Exercise directions
Leave the images behind and copy every record exactly.

Material shown
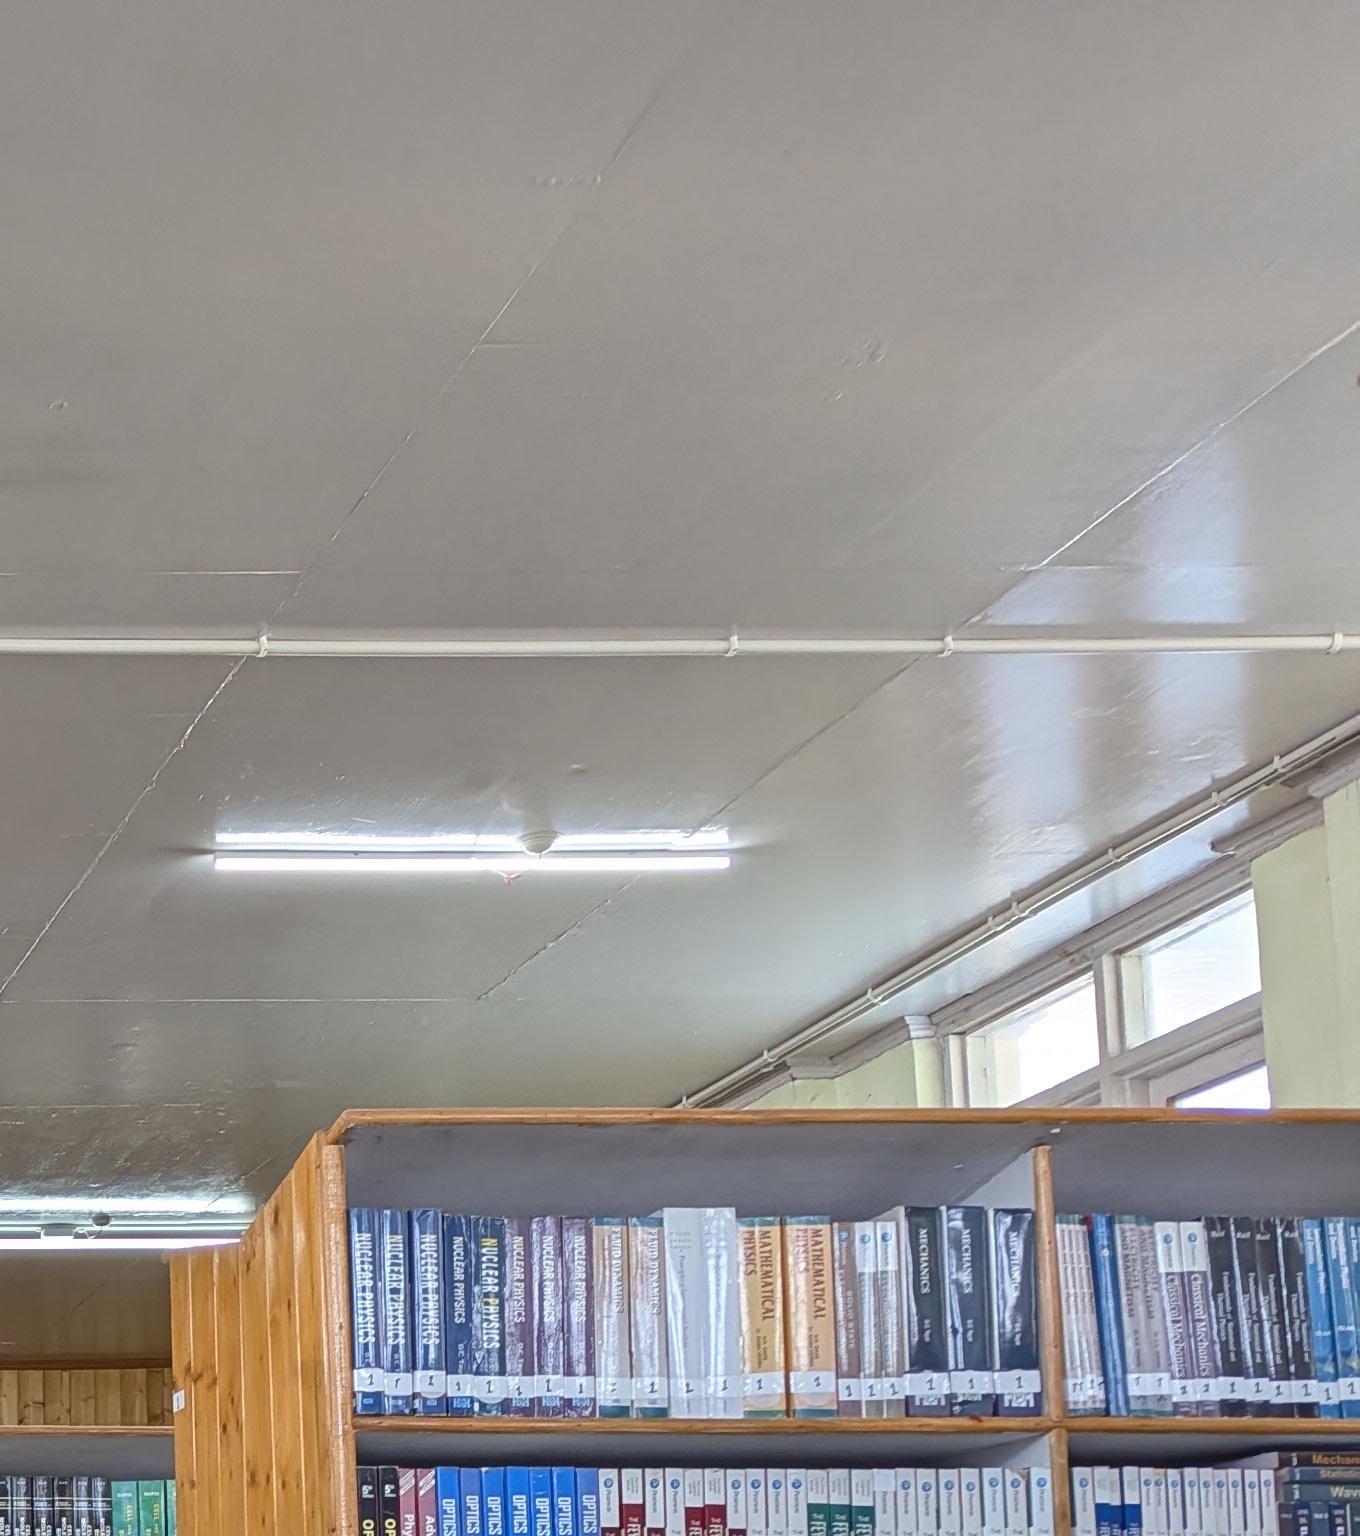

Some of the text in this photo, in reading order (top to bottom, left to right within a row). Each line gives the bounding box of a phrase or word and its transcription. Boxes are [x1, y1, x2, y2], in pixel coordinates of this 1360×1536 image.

[453, 1236, 465, 1324] NUCLEAR PHYSICS
[742, 1230, 758, 1276] PHYSICS
[759, 1230, 775, 1322] MATHEMATICAL
[811, 1228, 826, 1320] MATHEMATICAL
[919, 1228, 929, 1294] MECHANICS
[962, 1228, 973, 1294] MECHANICS
[356, 1233, 375, 1344] NUCLEAR PHYSICS
[481, 1238, 500, 1349] NUCLEAR PHYSICS
[443, 1499, 456, 1536] OPTICS
[466, 1495, 480, 1534] OPTICS
[513, 1495, 528, 1534] OPTICS

Exercise output
Some of the text in this photo, in reading order (top to bottom, left to right within a row). Each line gives the bounding box of a phrase or word and its transcription. Boxes are [x1, y1, x2, y2], in pixel coordinates of this 1360×1536 image.

[453, 1236, 465, 1324] NUCLEAR PHYSICS
[742, 1230, 758, 1276] PHYSICS
[759, 1230, 775, 1322] MATHEMATICAL
[811, 1228, 826, 1320] MATHEMATICAL
[919, 1228, 929, 1294] MECHANICS
[962, 1228, 973, 1294] MECHANICS
[356, 1233, 375, 1344] NUCLEAR PHYSICS
[481, 1238, 500, 1349] NUCLEAR PHYSICS
[443, 1499, 456, 1536] OPTICS
[466, 1495, 480, 1534] OPTICS
[513, 1495, 528, 1534] OPTICS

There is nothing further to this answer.